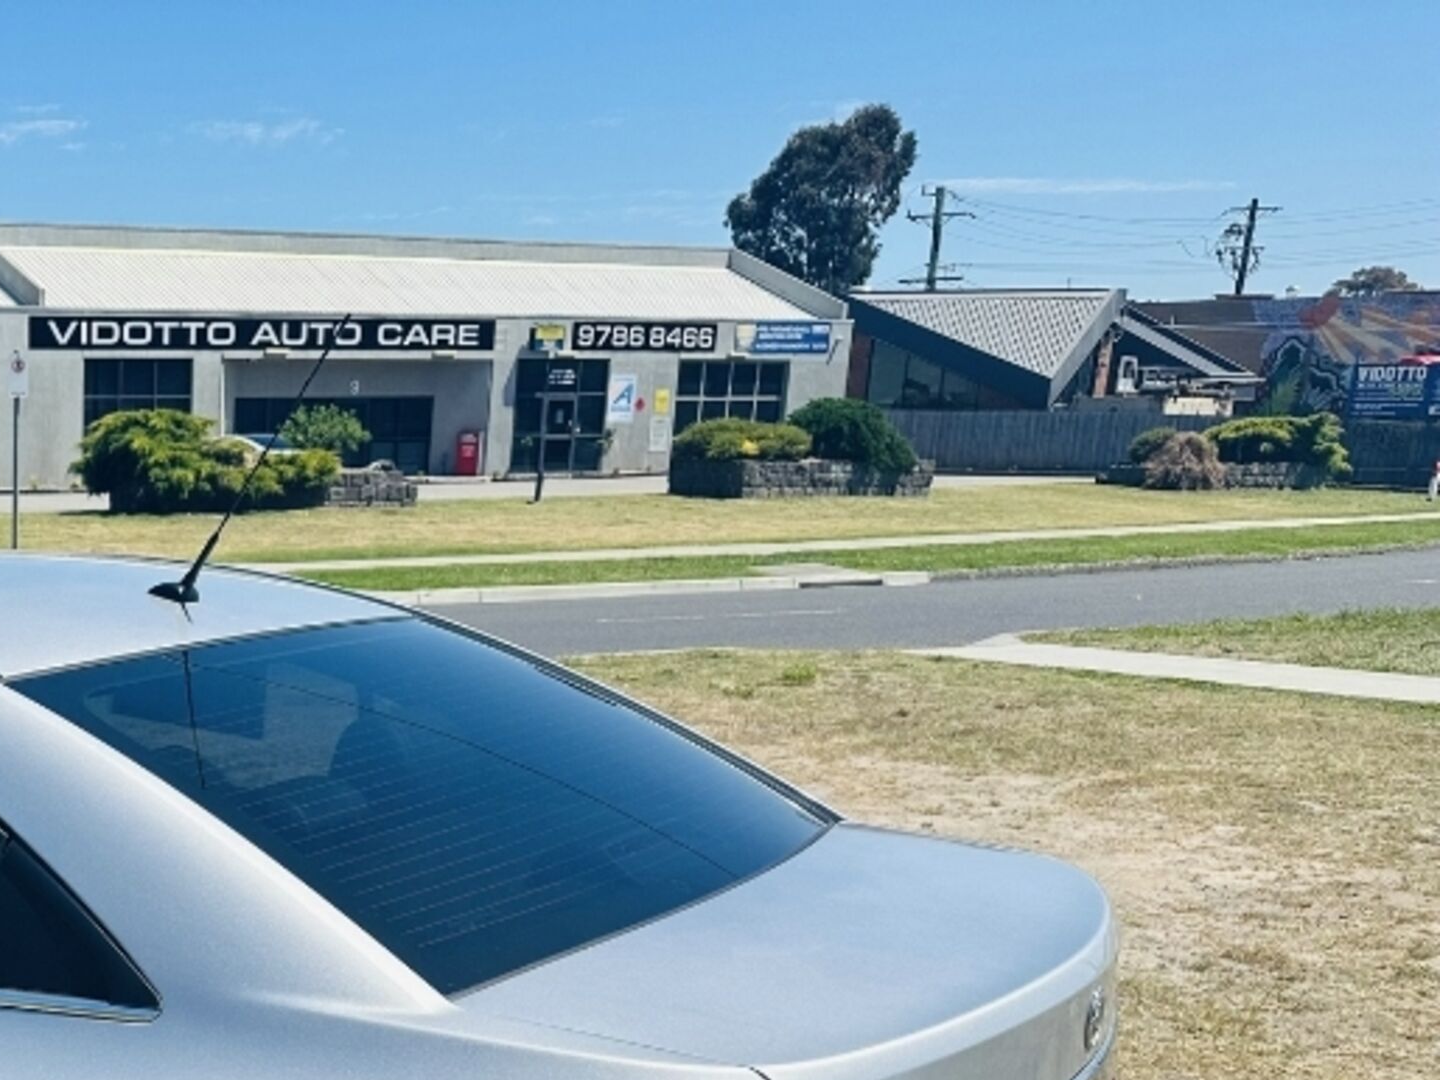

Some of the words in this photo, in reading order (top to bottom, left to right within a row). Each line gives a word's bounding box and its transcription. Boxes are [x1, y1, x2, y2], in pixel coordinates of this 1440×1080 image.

[47, 320, 236, 346] VIDOTTO
[250, 321, 363, 346] AUTO
[377, 323, 480, 346] CARE
[577, 324, 646, 347] 9786
[648, 326, 714, 348] 8466
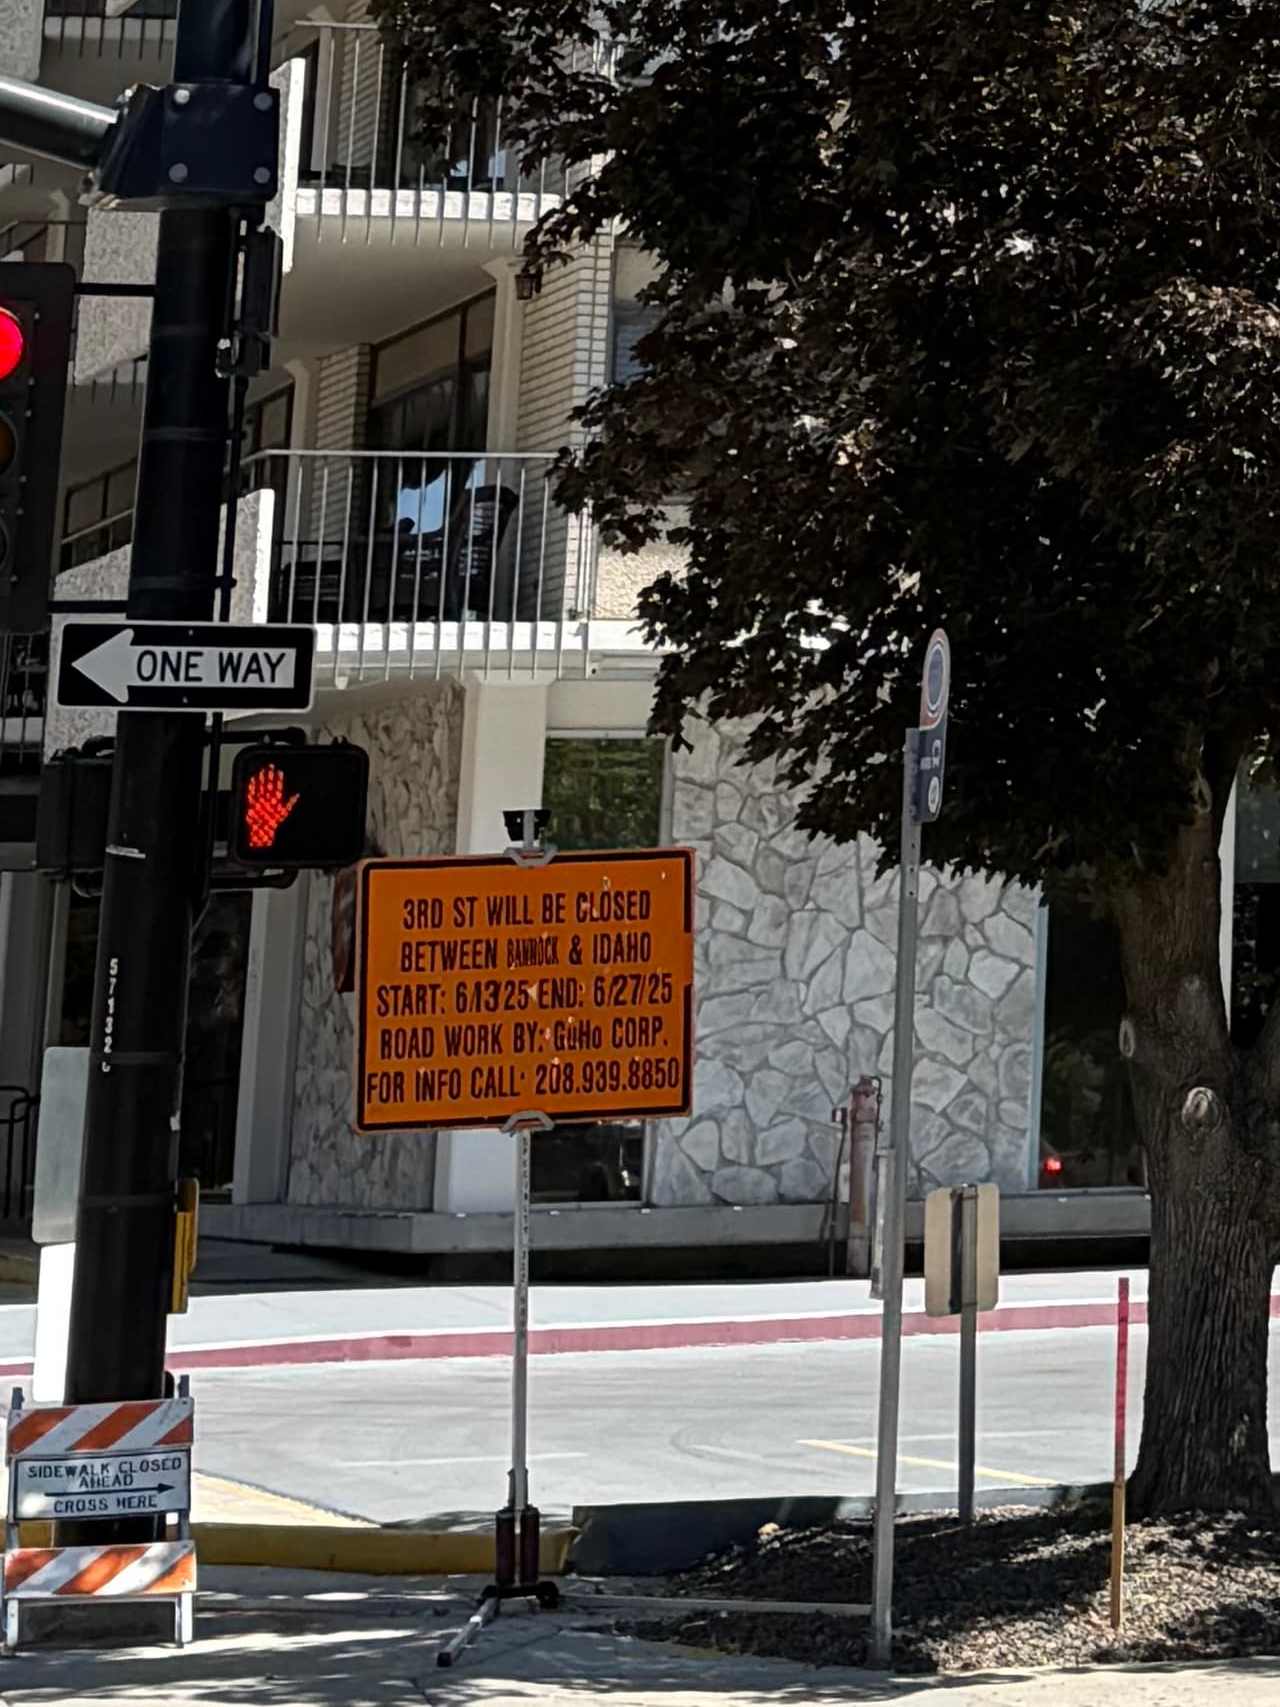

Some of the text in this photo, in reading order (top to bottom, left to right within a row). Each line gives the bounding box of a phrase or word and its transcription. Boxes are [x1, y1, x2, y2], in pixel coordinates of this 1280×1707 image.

[136, 649, 287, 684] ONE WAY
[402, 890, 651, 930] 3RD ST WILL BE CLOSED
[400, 931, 652, 973] BETWEEN BANNOCK & IDAHO
[376, 983, 446, 1017] START:
[537, 977, 585, 1010] END:
[593, 972, 673, 1008] 6/27/25
[380, 1026, 435, 1060] ROAD
[444, 1023, 505, 1058] WORK
[513, 1021, 545, 1055] BY:
[611, 1015, 669, 1050] CORP.
[367, 1071, 405, 1105] FOR
[415, 1067, 462, 1102] INFO
[534, 1056, 681, 1096] 208.939.8850
[27, 1457, 183, 1480] SIDEWALK CLOSED
[79, 1473, 134, 1490] AHEAD
[53, 1494, 159, 1514] CROSS HERE

Exercise prompt: Please print an exact copy of the records, with no pictures.

Response:
Some of the words in this photo, in reading order (top to bottom, left to right within a row). Each line gives a word's bounding box and its transcription. Boxes are [x1, y1, x2, y2], in pixel coordinates of this 1440×1080 image.

[47, 320, 236, 346] VIDOTTO
[250, 321, 363, 346] AUTO
[377, 323, 480, 346] CARE
[577, 324, 646, 347] 9786
[648, 326, 714, 348] 8466

Some of the text in this photo, in reading order (top to bottom, left to right within a row). Each line gives the bounding box of a phrase or word and its transcription. Boxes are [x1, y1, x2, y2], in pixel coordinates of this 1280×1707 image.

[136, 649, 287, 684] ONE WAY
[402, 890, 651, 930] 3RD ST WILL BE CLOSED
[400, 931, 652, 973] BETWEEN BANNOCK & IDAHO
[376, 983, 446, 1017] START:
[537, 977, 585, 1010] END:
[593, 972, 673, 1008] 6/27/25
[380, 1026, 435, 1060] ROAD
[444, 1023, 505, 1058] WORK
[513, 1021, 545, 1055] BY:
[611, 1015, 669, 1050] CORP.
[367, 1071, 405, 1105] FOR
[415, 1067, 462, 1102] INFO
[534, 1056, 681, 1096] 208.939.8850
[27, 1457, 183, 1480] SIDEWALK CLOSED
[79, 1473, 134, 1490] AHEAD
[53, 1494, 159, 1514] CROSS HERE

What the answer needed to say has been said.